Wer auf Holz druckt, kann auch auf Holz bauen

Niederösterreichische Druckerei erweitert Unternehmensstandort in Holzriegelbauweise

Planungsansicht: So soll die neue Druckhalle (rechts) aussehen. Der mittlere Teil mit Turm soll erst mit einer zweiten Bauphase fertiggestellt werden. © www.oln.at
Planungsansicht: So soll die neue Druckhalle (rechts) aussehen. Der mittlere Teil mit Turm soll erst mit einer zweiten Bauphase fertiggestellt werden. © www.oln.at

21.09.2016 – Die Druckerei gugler hat für die Unternehmenserweiterung am Standort in Pielach bei Melk nach besondern Lösungsansätzen gesucht. Gebaut wird in Holz, energetisch befindet sich das neue Gebäude auf höchstem Standard.

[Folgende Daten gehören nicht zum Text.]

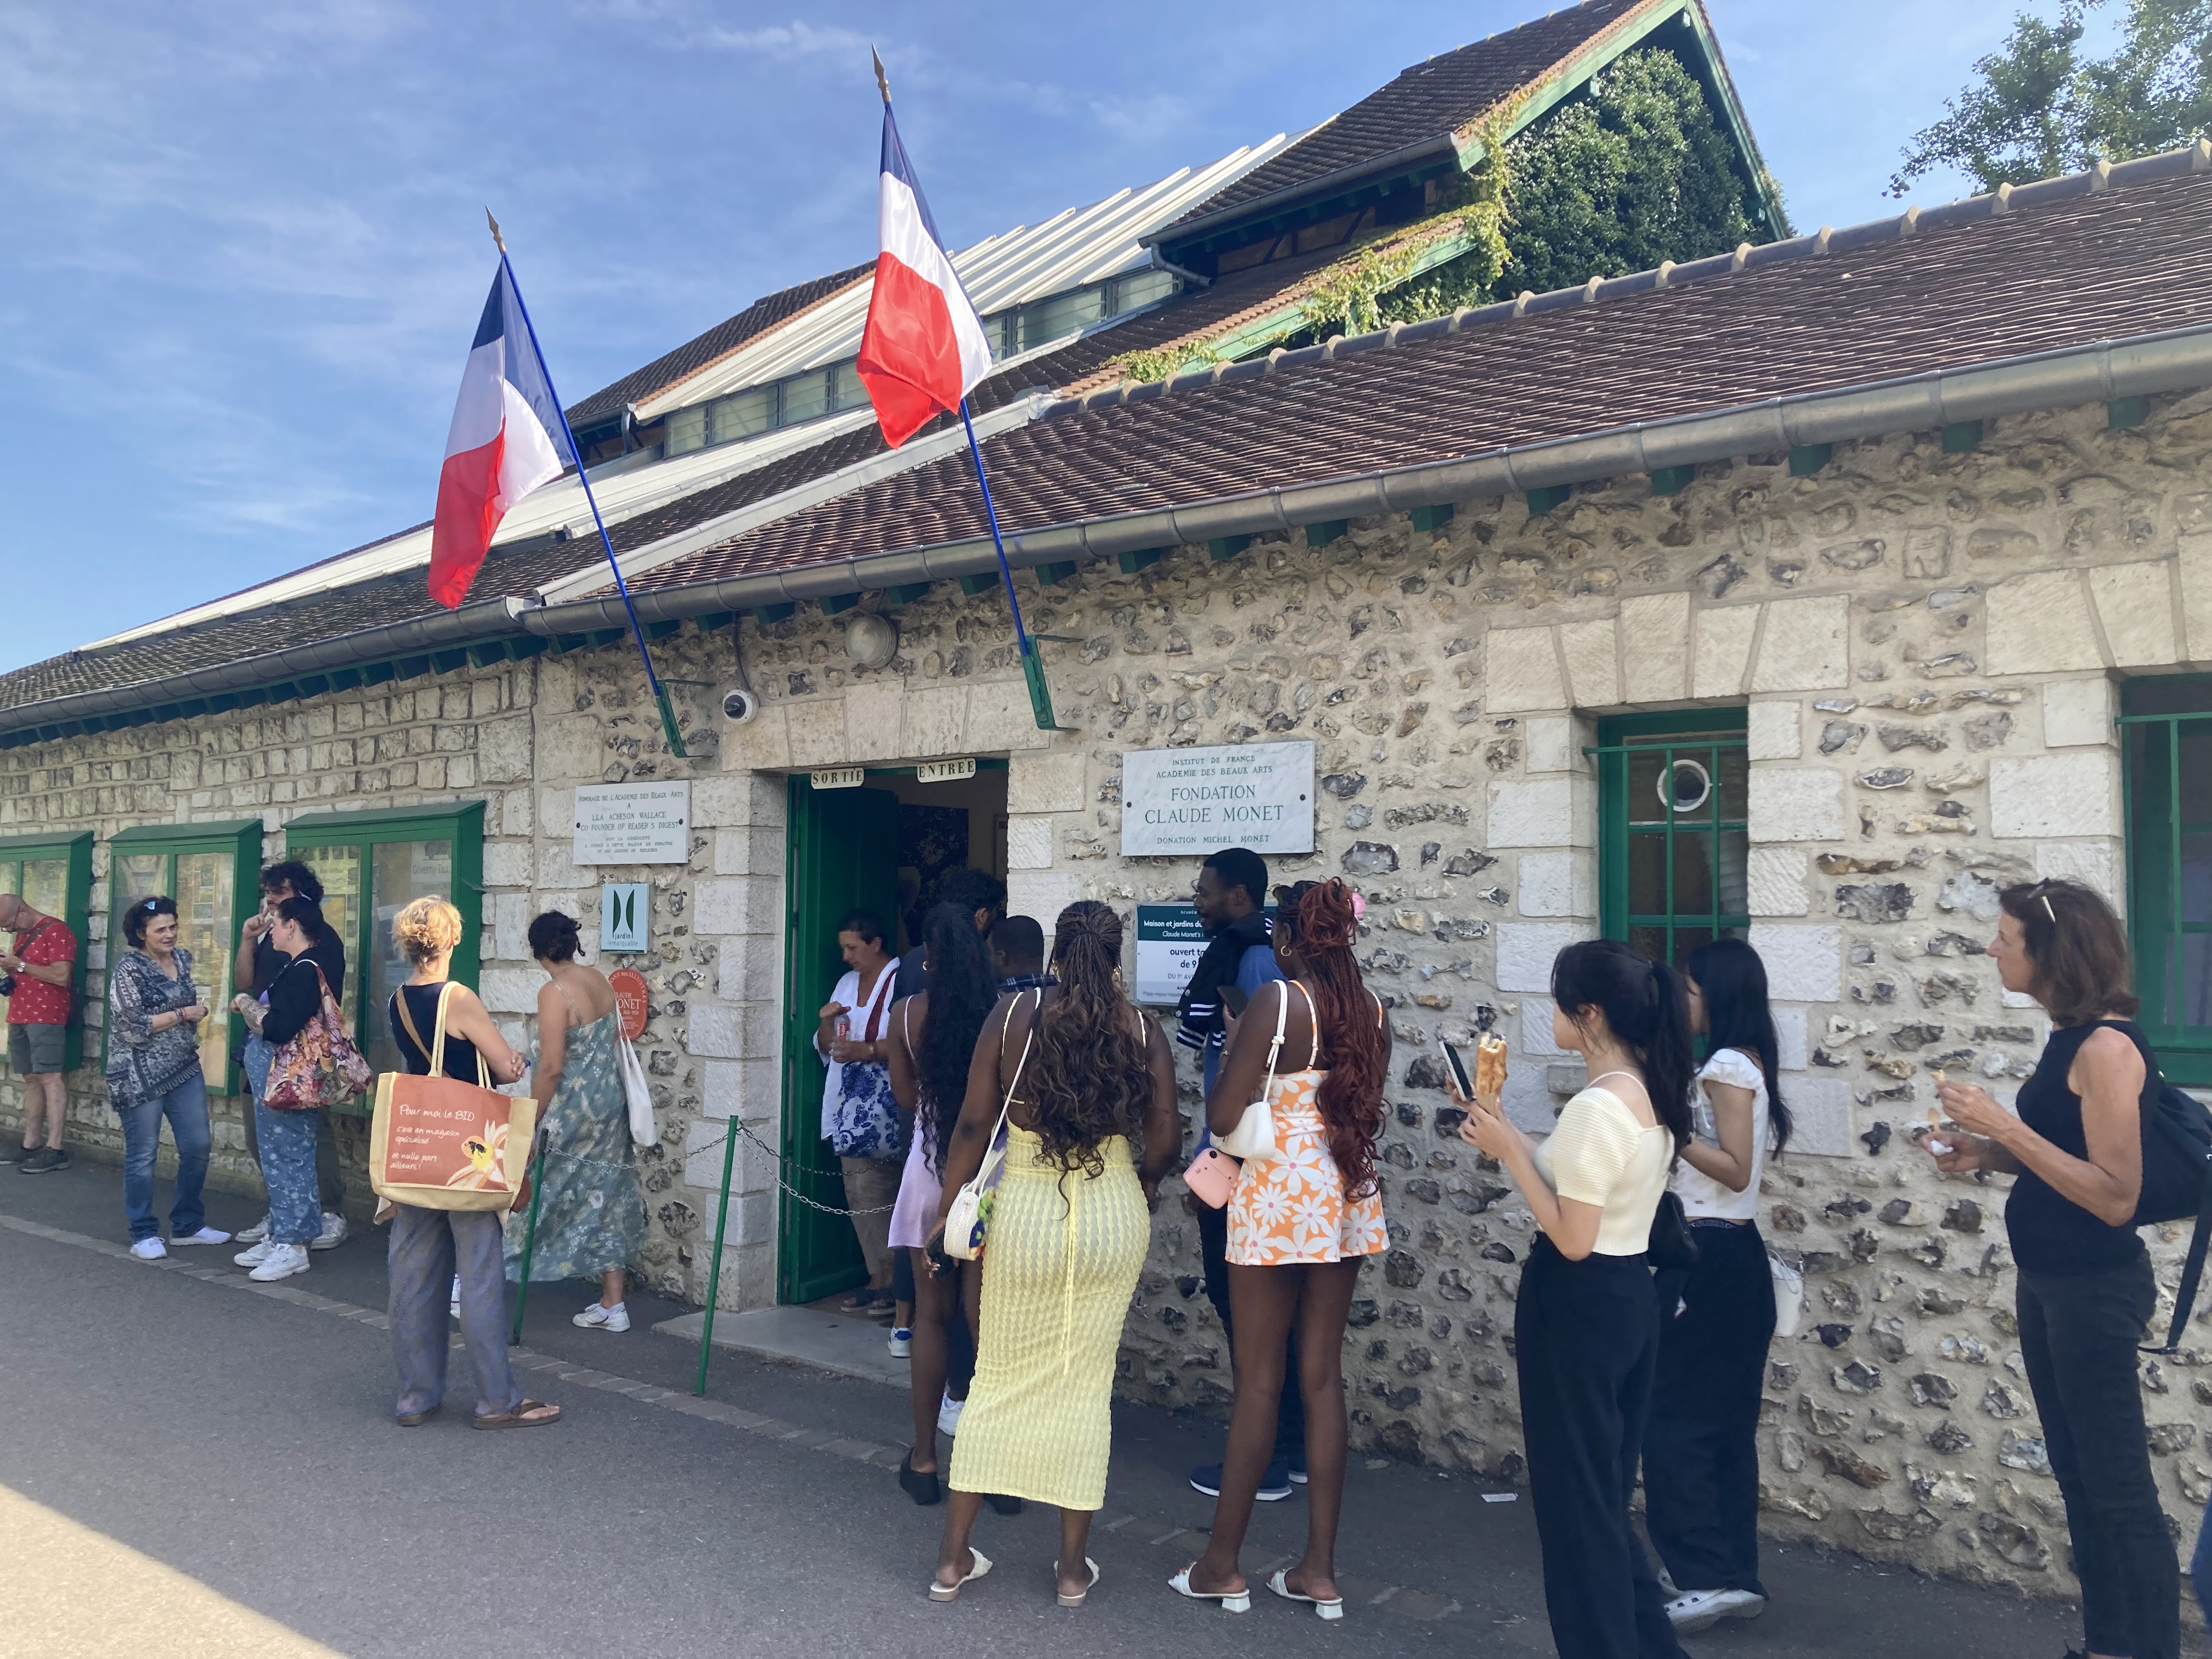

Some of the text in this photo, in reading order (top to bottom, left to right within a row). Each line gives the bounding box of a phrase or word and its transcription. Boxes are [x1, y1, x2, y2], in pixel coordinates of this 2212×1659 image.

Es ist kein Zufall, dass die niederösterreichische Druckerei auf eine ökologische Bauweise setzt. Will man doch mit der Erweiterung des Maschinenparks und der Produktionsfläche um 1.500 m2 konsequent die Stellung als führender Anbieter ökologischer und preiswerter Druckprodukte ausbauen. Die neue Druckhalle im Plus-Energie-Standard wird laut dem Unternehmen das erste Gebäude weltweit sein, das von der deutschen Umweltforschungsagentur EPEA mit dem Siegel "Cradle to Cradle inspired" ausgezeichnet wird. Realisiert wird das von POS Architektin Ursula Schneider geplante und begleitete Projekt durch regionale Baupartner. Auf lange Transportwege wird so verzichtet.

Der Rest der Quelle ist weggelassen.